8
Yorum
1
Beğeni
5,0
Puan
3184
Okunma

Kendime acıyorum; fakat bağıramam ki...
Kalbimin diliyle de yardım çağıramam ki...
Kalbimin her sesine, bedenim etten duvar
Gizli feryatlarımı, duymuyor sağır civar
Kendimle konuşuyor, kendimle gülüyorum
Bazen taş gibi semsert, bazen çözülüyorum
Birgün yıkılacak o, sesimin sâdâsıyla
Cam gibi kırılacak, kalbimin nidâsıyla
İçinde korlar olan, bir tandırım topraktan
Yıllarımı geçirdim, beynimi yakaraktan
Duygularım kabarıp, bir ekmek gibi pişer
Kalemimle çekerken, bazen dibine düşer
Nice duygularım da, küle döndü içimde
Yanan ruhları hala, bütün gece peşimde
İçimde Gûlyâbânî, gebermeyen efkârım
Ejderhalar yaratmak oldu fikirden kârım
Anlamıyor kadınlar, düşenin bir hâlinden
Çekip giderler tutup, çocuğunun elinden
Kaderimiz benziyor, mütefekkir Dücâne!
İkimiz sevgiliye, emek verdik meccâne
Hiçbir şeye de yoktur, aslında merakları
Bütün dünyası tırnak, ayna ve tarakları
Hatta düşünmez bile, ben neyim ve de kimim?

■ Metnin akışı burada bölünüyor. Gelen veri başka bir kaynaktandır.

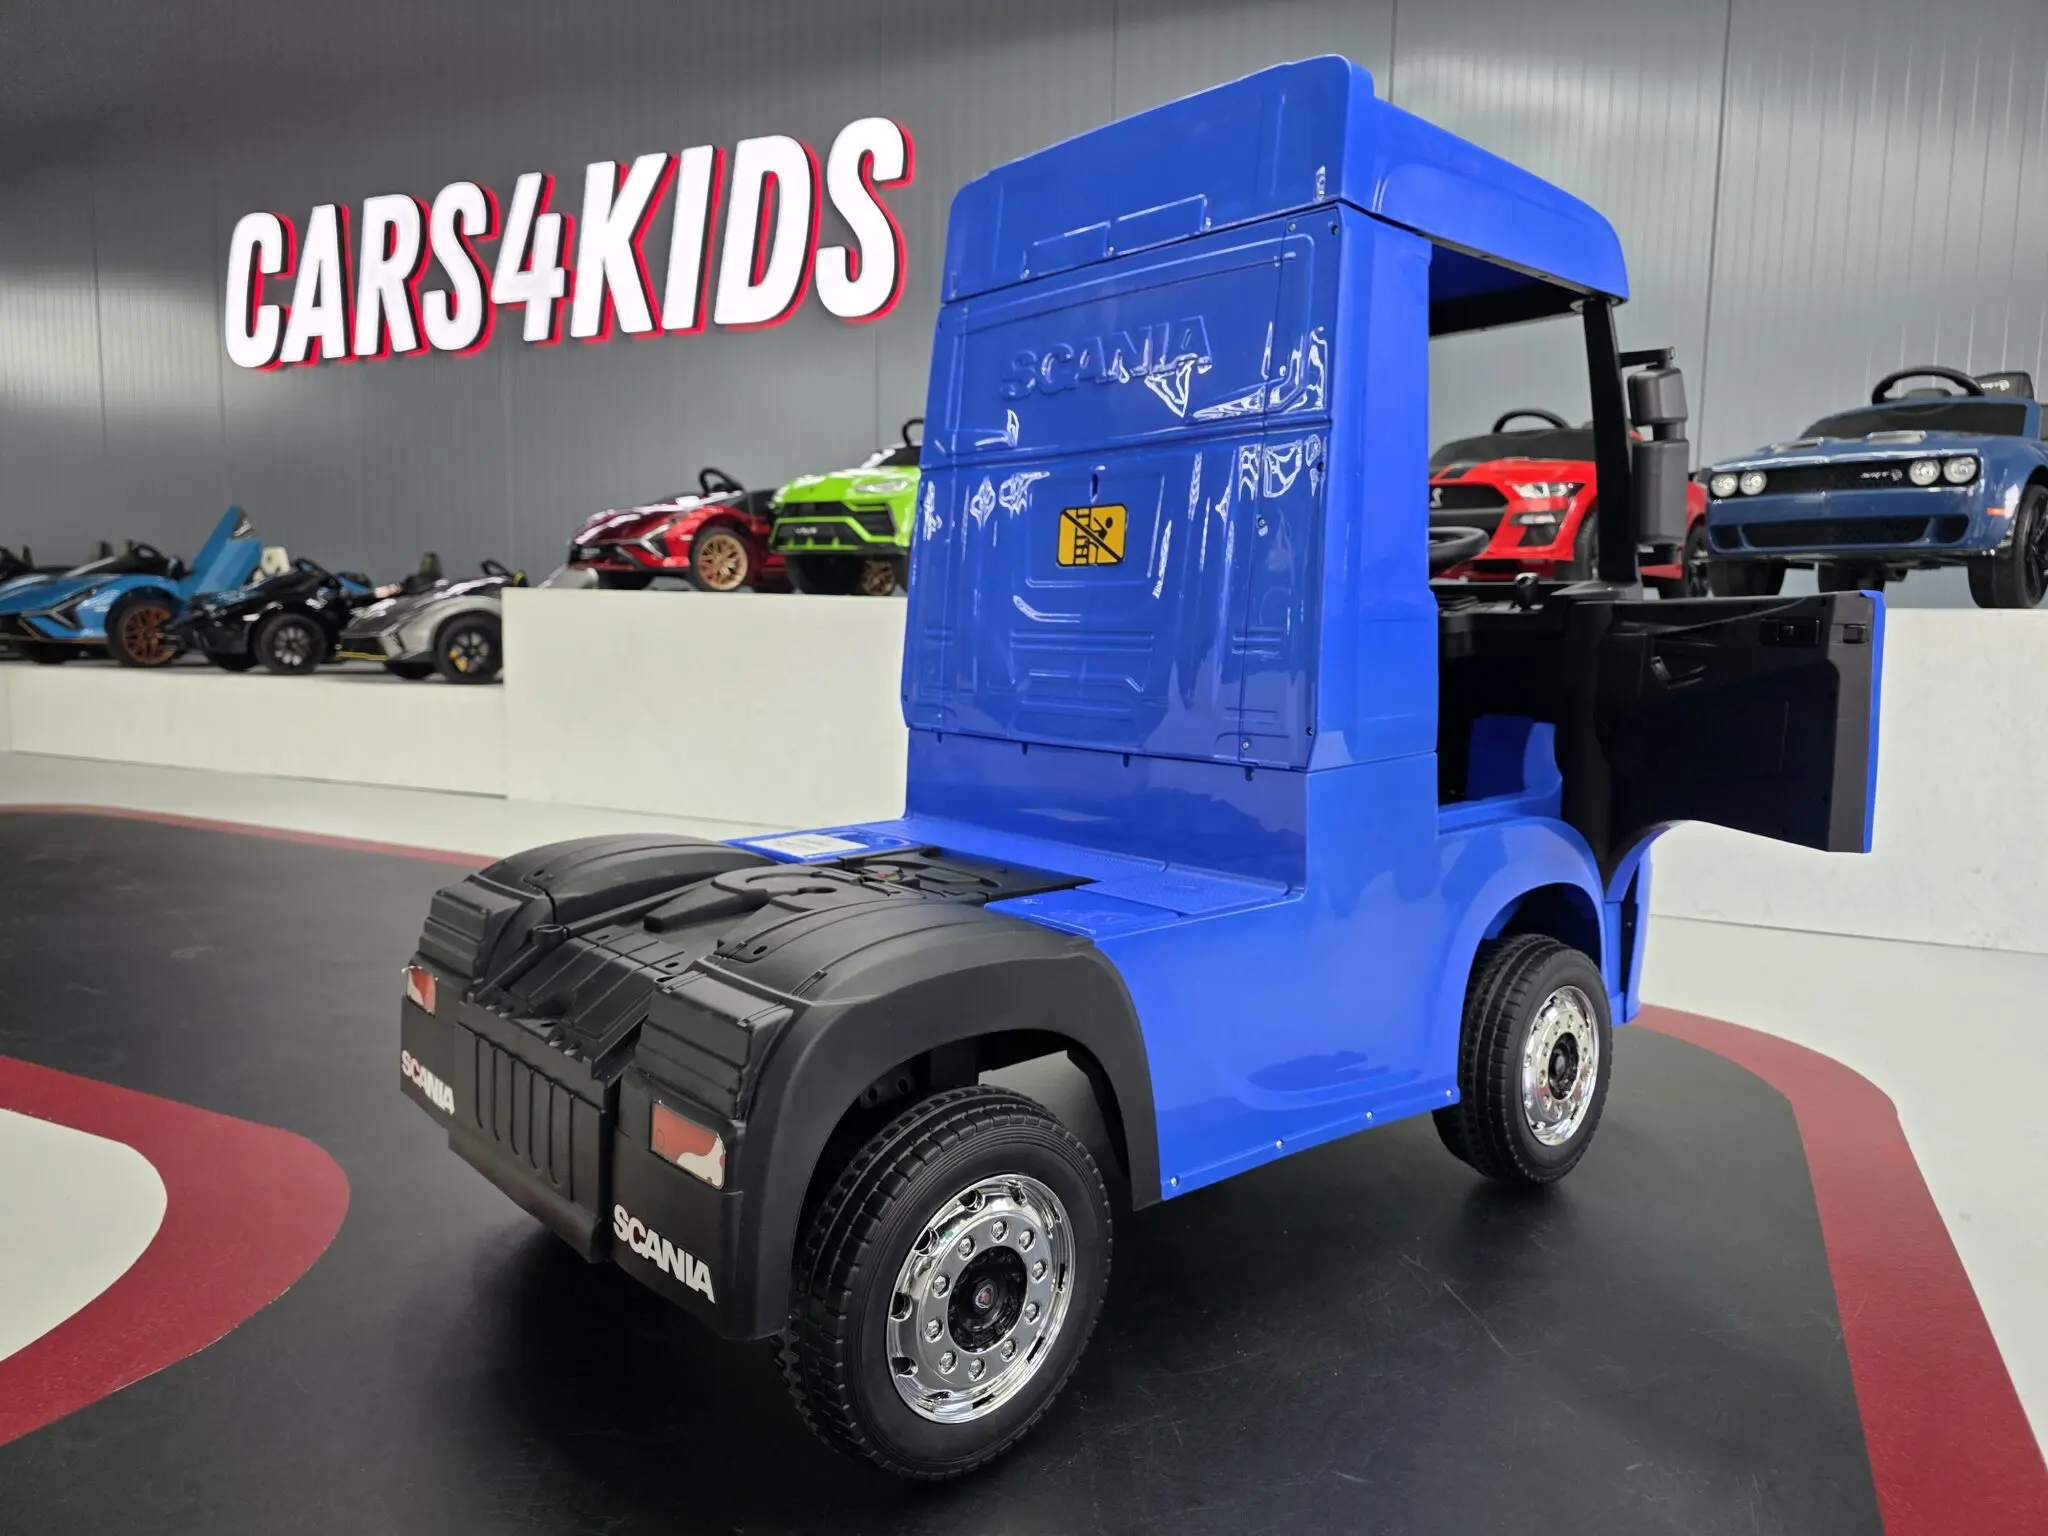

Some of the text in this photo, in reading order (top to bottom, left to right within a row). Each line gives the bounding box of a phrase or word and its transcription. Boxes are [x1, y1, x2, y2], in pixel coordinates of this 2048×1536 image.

[225, 116, 908, 369] CARS4KIDS
[1000, 315, 1213, 400] SCANIA
[402, 1049, 455, 1115] SCANIA
[613, 1204, 716, 1304] SCANIA
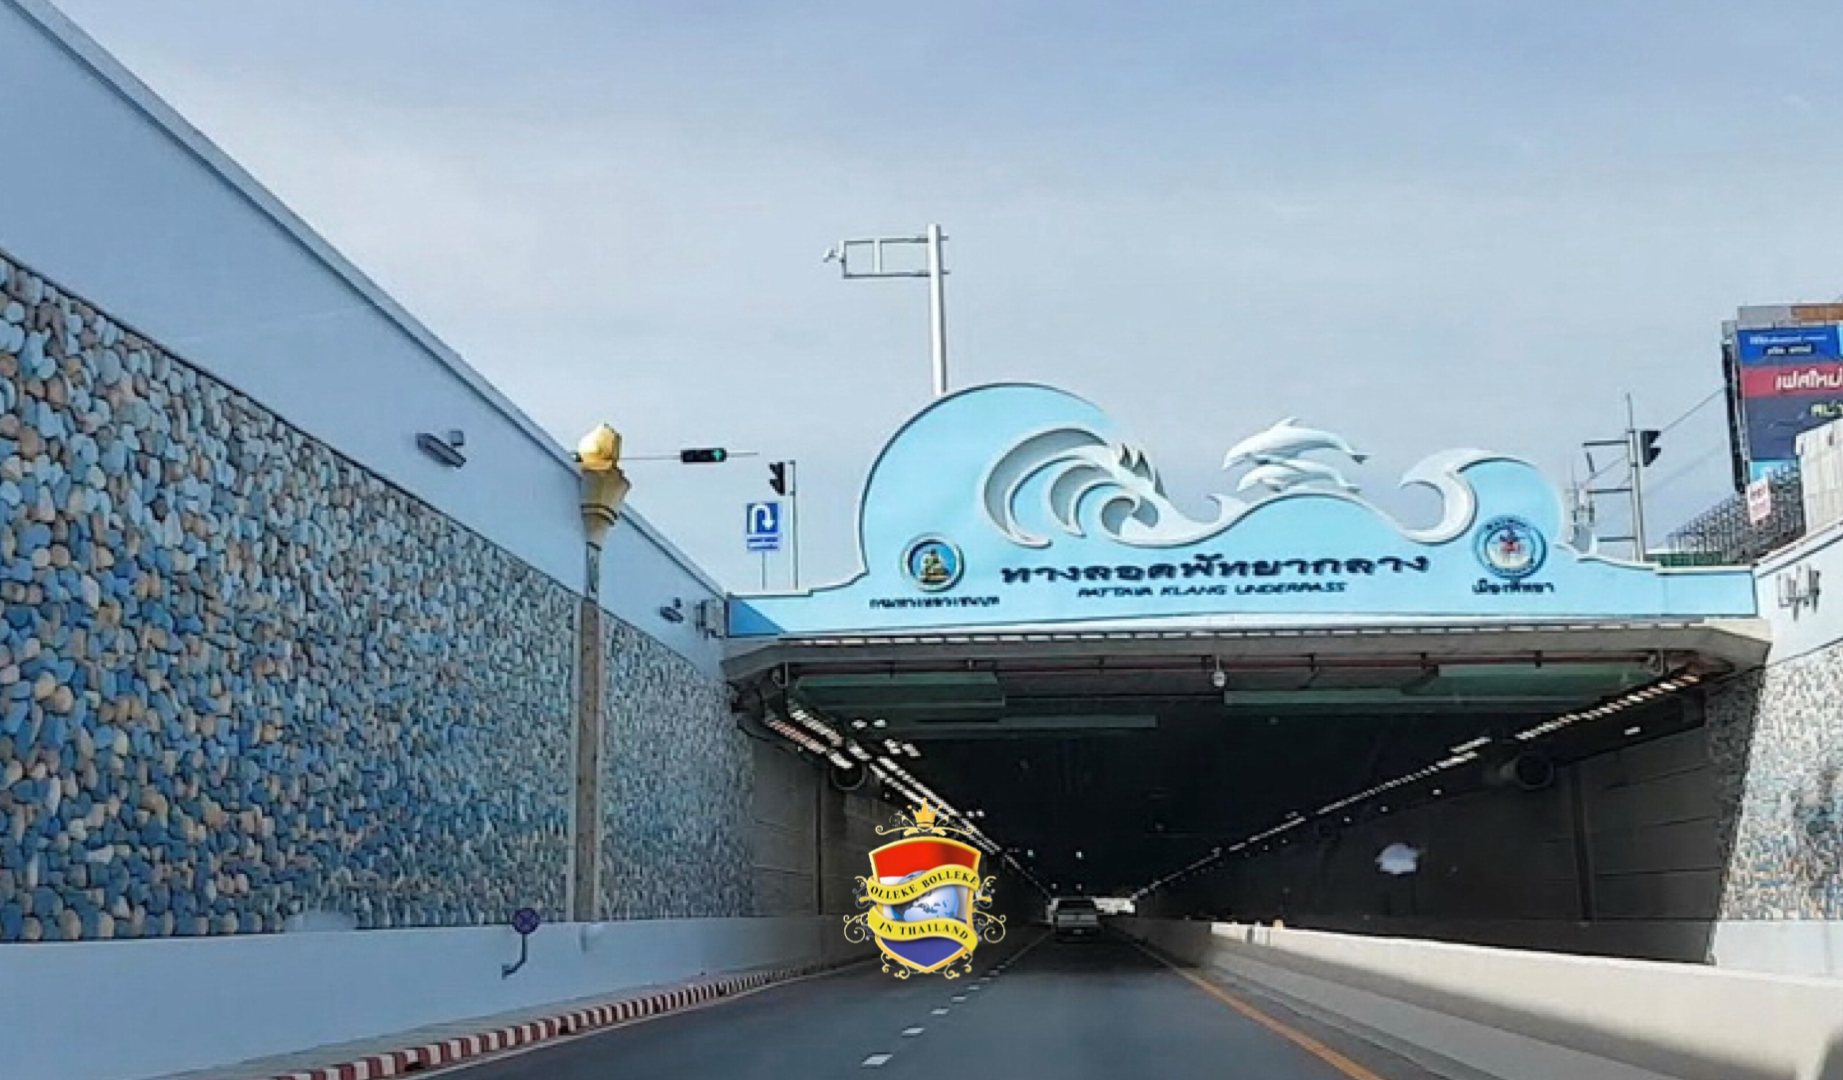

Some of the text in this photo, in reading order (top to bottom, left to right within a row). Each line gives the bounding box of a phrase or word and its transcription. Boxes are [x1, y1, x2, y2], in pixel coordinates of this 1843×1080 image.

[1000, 553, 1430, 584] ทางลอดพัทยากลาง
[1076, 582, 1347, 598] PATTAYA KLANG UNDERPASS
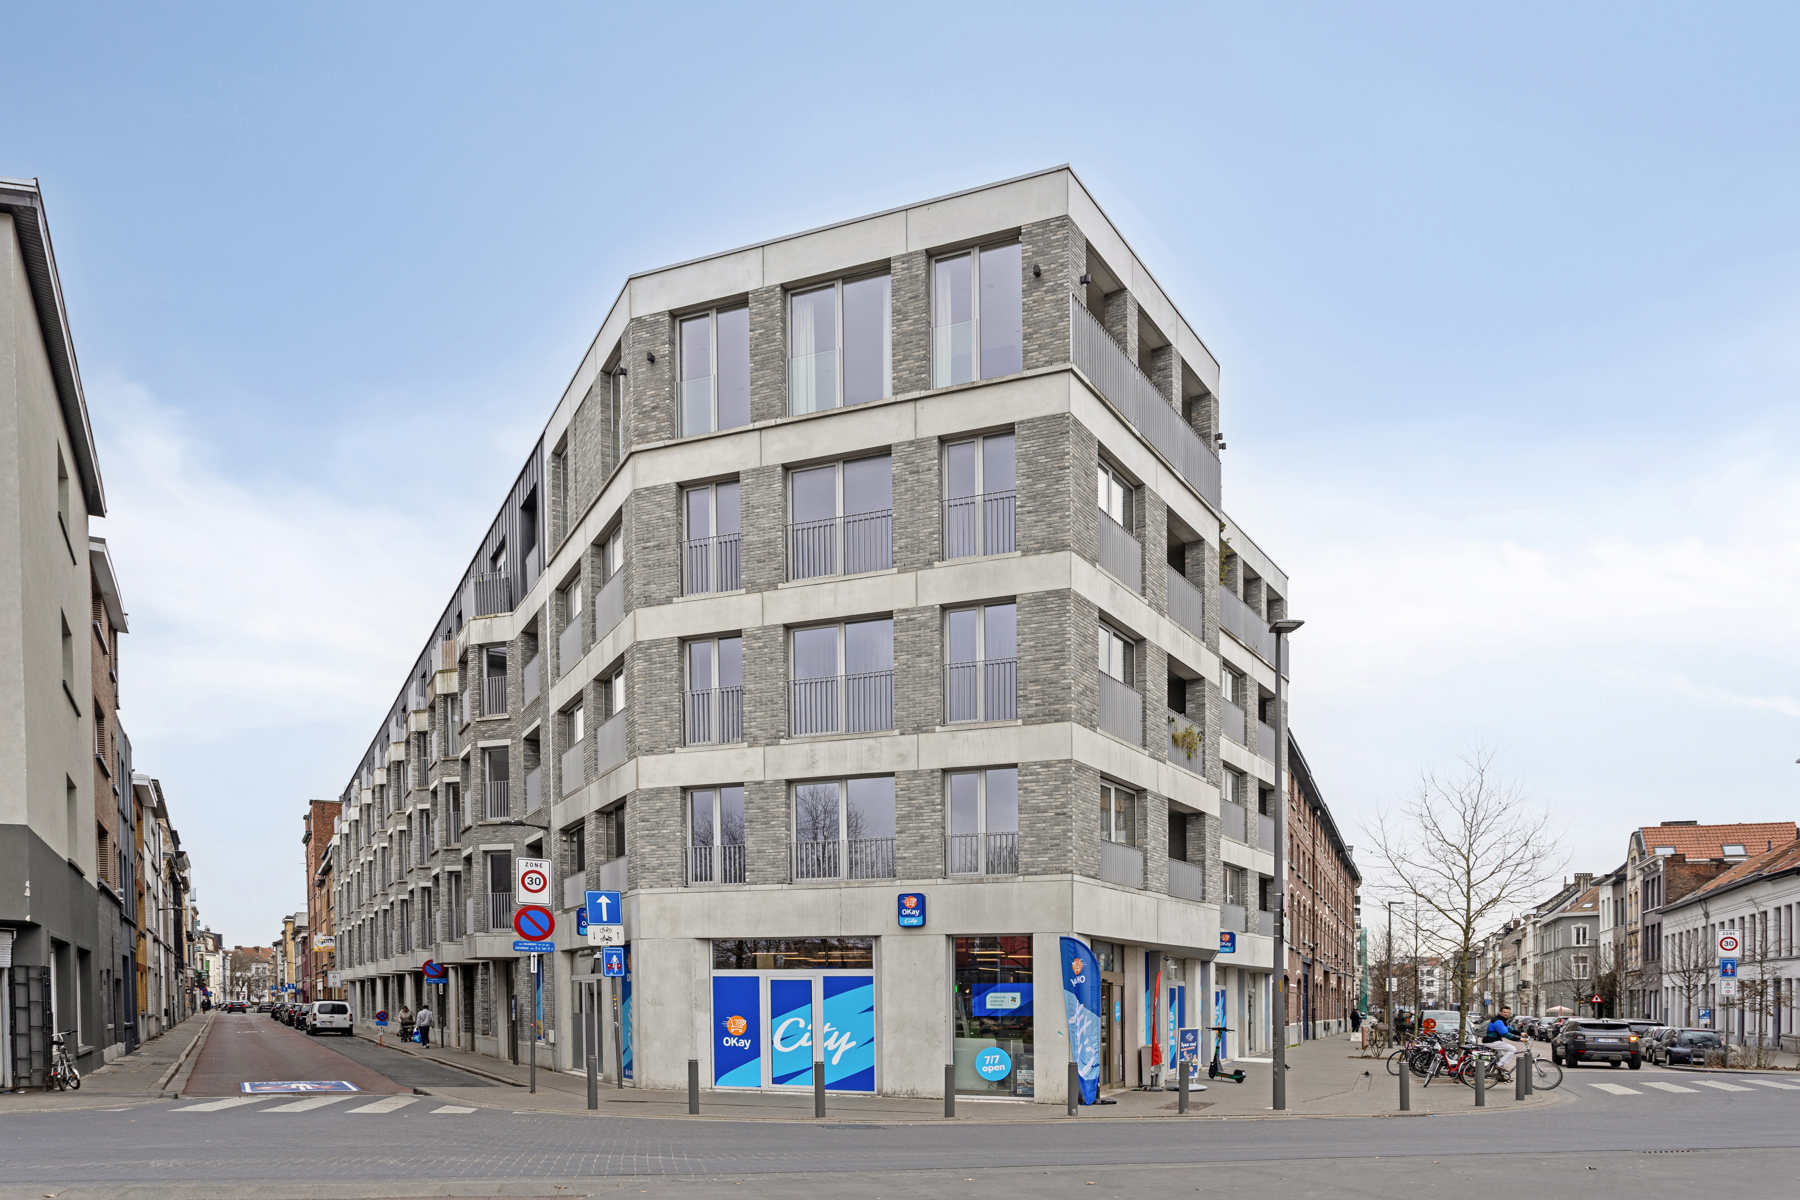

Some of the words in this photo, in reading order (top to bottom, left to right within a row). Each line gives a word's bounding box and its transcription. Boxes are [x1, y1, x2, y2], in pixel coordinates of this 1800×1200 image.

Neye köleyim ya da nelere ben hâkimim?
Tezâtlar ve tezâtlar, alâmet-i fârikası
Birden küsmek kadının, ikinci hârikası
Küstüğünde gelmeni, hep bekler tıpış tıpış
Git! diz çök! aman dile! Ve eteğine yapış
Şeydâ bülbül ne çekti, gülün nâz ve hârından
Dalına hiç konmazdı, korkmasaydı mârından
Onlar aşk der, duygu der; fakat ölen erkektir
Aşk için ölmez kadın; özünde çok ürkektir
Aşkın o mâyesinde, bir cesâret pinhândır
Cesâretsiz aşklar da, bir bârân-ı nisândır
Âşık bülbül gülbende, çırpınarak cân verdi
Maşûku beyaz güle, kanından da kan verdi
Maşûkları içinse, hep âşıklar müntehir
Aşk kadına şaraptır, erkeğe gizli zehir
Soner Çağatay 1 Ocak 2011 / Wuppertal / Almanya
Kelimeler:
Gülben: Gül dalı
Bârân: Yağmur
Mâr: Yılan
5.0
100% (7)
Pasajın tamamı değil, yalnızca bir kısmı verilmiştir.